The non-homologous proteins were characterized to determine presence and location of signal peptide, cellular localization, and functionality, by using several bioinformatic tools to improve the predictive analysis. Biological function and gene ontology was predicted using EggNOG 5.0 (http://eggnog5.embl.de/#/app/home) [18]. Subcellular localizations were inferred with Cello [19] (http://cello.life.nctu.edu.tw/cello2go/) and Psort-B 3.0 [20] (https://www.psort.org/psortb/). Signal peptides were detected with PrediSi [21] (http://www.predisi.de/), SignalP 5.0 [22] (http://www.cbs.dtu.dk/services/SignalP/) and Phobius [23, 24] (https://phobius.sbc.su.se/) predictors.
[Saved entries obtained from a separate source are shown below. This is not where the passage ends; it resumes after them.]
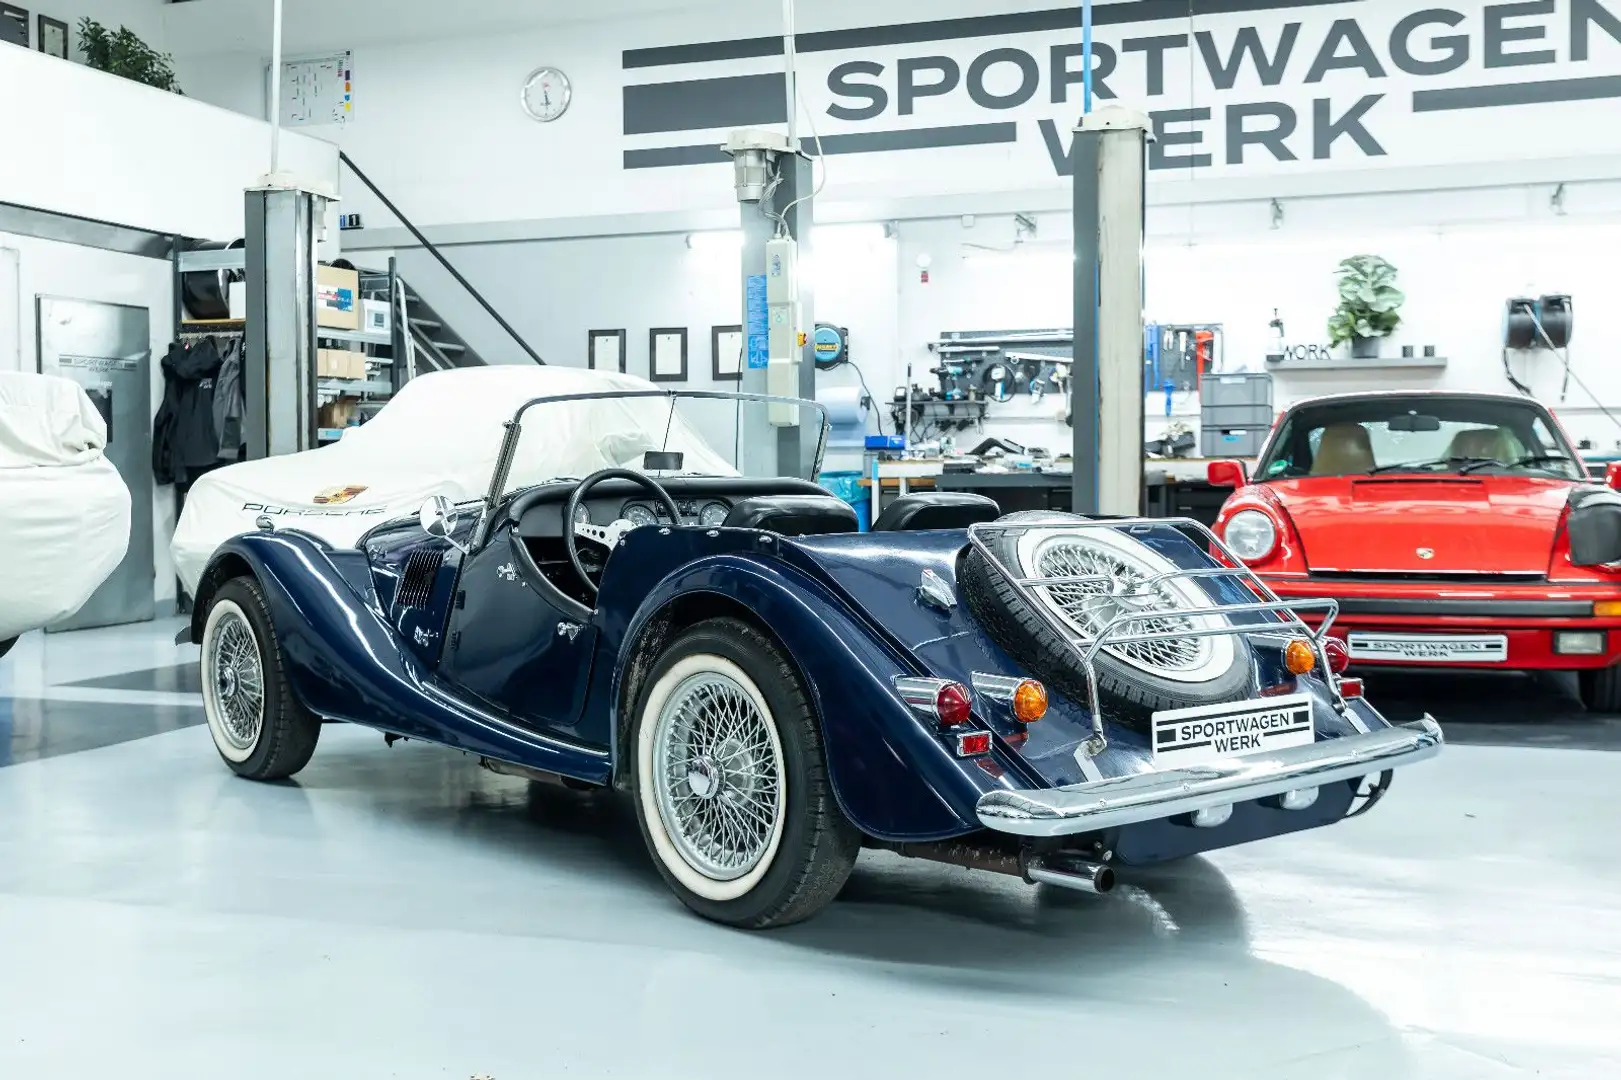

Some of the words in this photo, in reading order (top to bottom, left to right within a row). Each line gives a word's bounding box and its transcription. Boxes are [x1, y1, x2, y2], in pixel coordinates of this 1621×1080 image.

[242, 502, 388, 517] PORSCHE
[1372, 642, 1482, 650] SPORTWAGEN
[1181, 712, 1290, 741] SPORTWAGEN
[1214, 734, 1261, 753] WERK
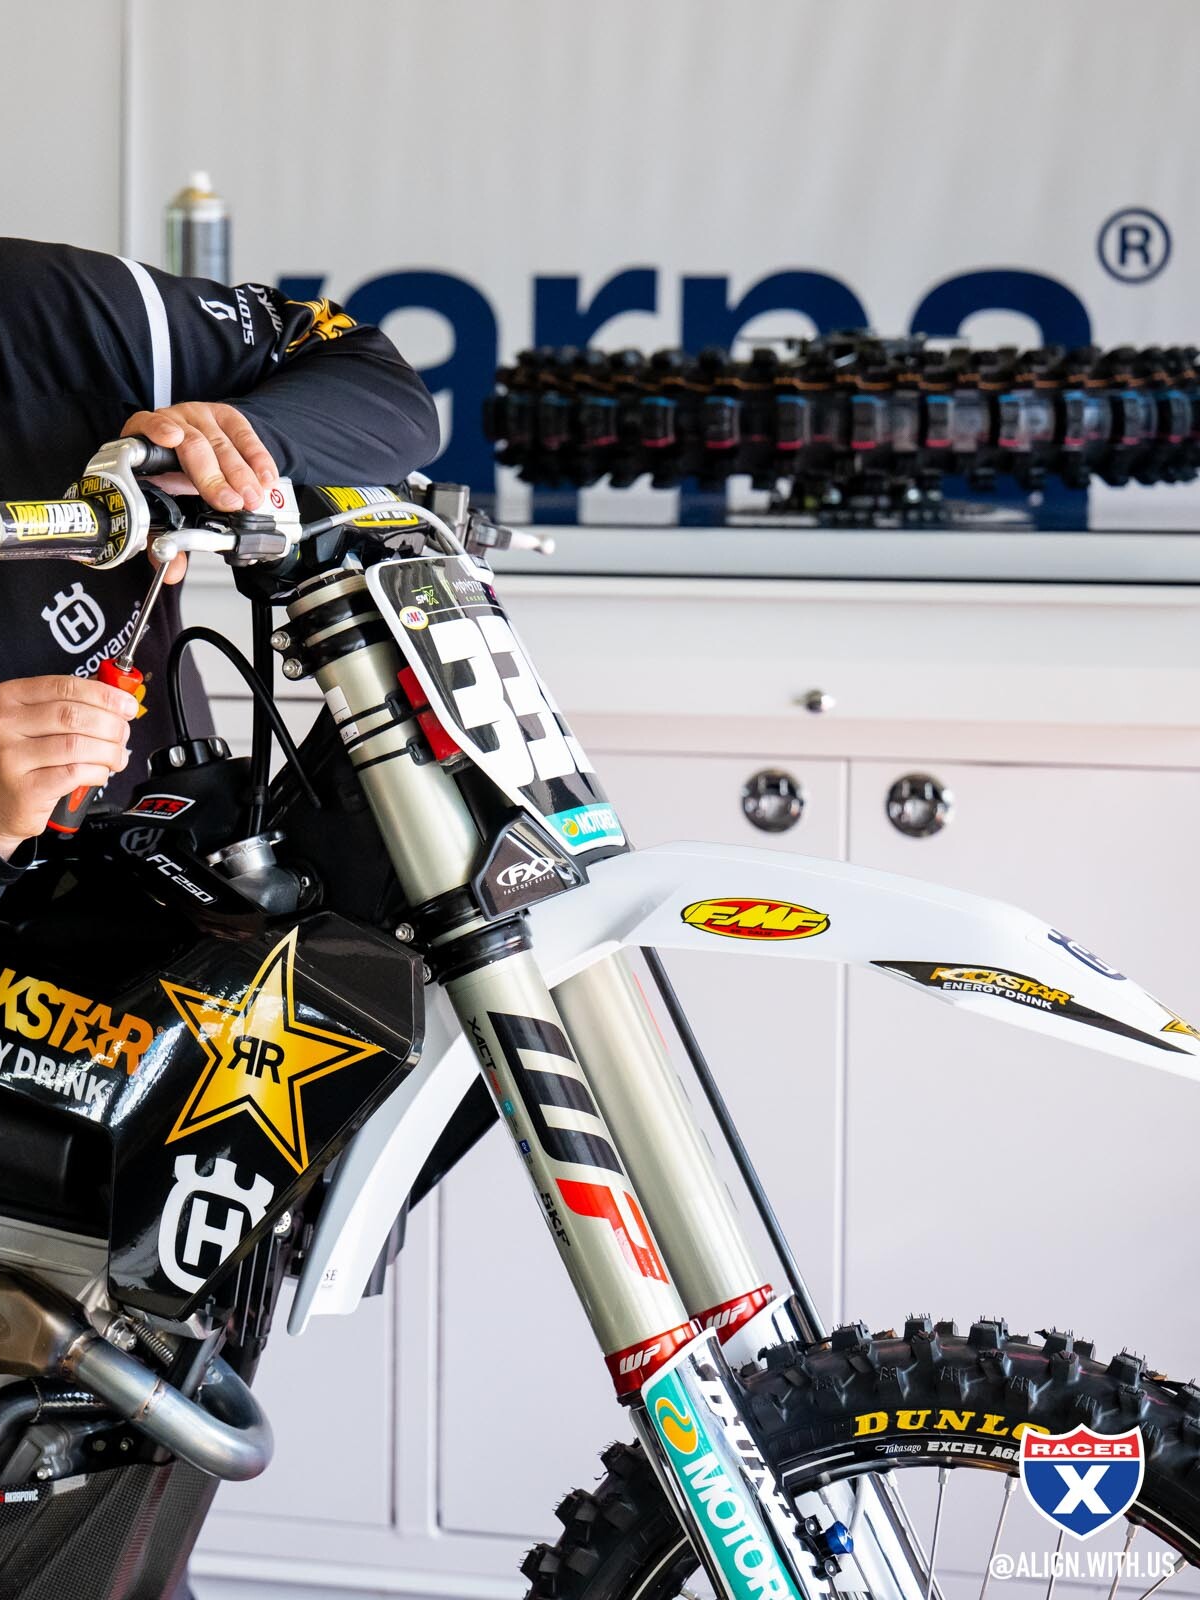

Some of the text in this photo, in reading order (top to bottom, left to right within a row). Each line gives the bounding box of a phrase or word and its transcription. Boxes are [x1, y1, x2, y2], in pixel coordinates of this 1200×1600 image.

Identification of linear B-cell epitopes in non-homologous proteins

The location of linear epitopes was predicted, and six web servers were used to improve the accuracy of the prediction: SVMTrip (http://sysbio.unl.edu/SVMTriP/prediction.php) [25], LBTope (http://webs.iiitd.edu.in/raghava/lbtope/protein.php) [26], BepiPRED2 (http://www.cbs.dtu.dk/services/BepiPred/) [27], BCePRED (http://crdd.osdd.net/raghava/bcepred), [28], BCPREDS (http://ailab-projects1.ist.psu.edu:8080/bcpred/predict.html) [29], and ABCPred (http://crdd.osdd.net/raghava/abcpred/) [30]. Epitope scores obtained by every predictor per amino acid or peptide were normalized (scaled between 0 and 100) and epiptopic profiles were generated with R library ggplot2.
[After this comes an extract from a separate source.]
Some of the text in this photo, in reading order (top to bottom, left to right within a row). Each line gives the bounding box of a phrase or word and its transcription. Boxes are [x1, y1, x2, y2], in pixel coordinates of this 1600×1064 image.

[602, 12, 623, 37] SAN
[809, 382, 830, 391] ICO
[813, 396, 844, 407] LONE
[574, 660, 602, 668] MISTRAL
In-silico characterization of potential protein candidates

The proteins highly enriched in linear B-cell epitopes were characterized, 3D structures were predicted with the Phyre2 online program [31] (http://www.sbg.bio.ic.ac.uk/phyre2), the 3D models were verified in Chimera [32] (www.cgl.ucsf.edu/chimera/). 

Results

This study aimed to identify linear B-cell epitopes in highly specific proteins of B. bacilliformis for further use in serological diagnosis. The identification of essential genes allows for obtaining 646 proteins which were used for the screening of non-homologous proteins. Then, 323 proteins were obtained by comparing B. bacilliformis essential proteins with the proteome of Homo sapiens and Mus musculus, and 131 proteins were obtained and identified as non-homologous to febrile illness-associated bacterial species and other Bartonella species, see Fig 1.

Fig 1. Workflow of in-silico analysis for selection of specific protein candidates.

Fig 1

Open in a new tab

A) Screening workflow for selection of non-homologous proteins; B) Percentage identity of the 131 non-homologous proteins.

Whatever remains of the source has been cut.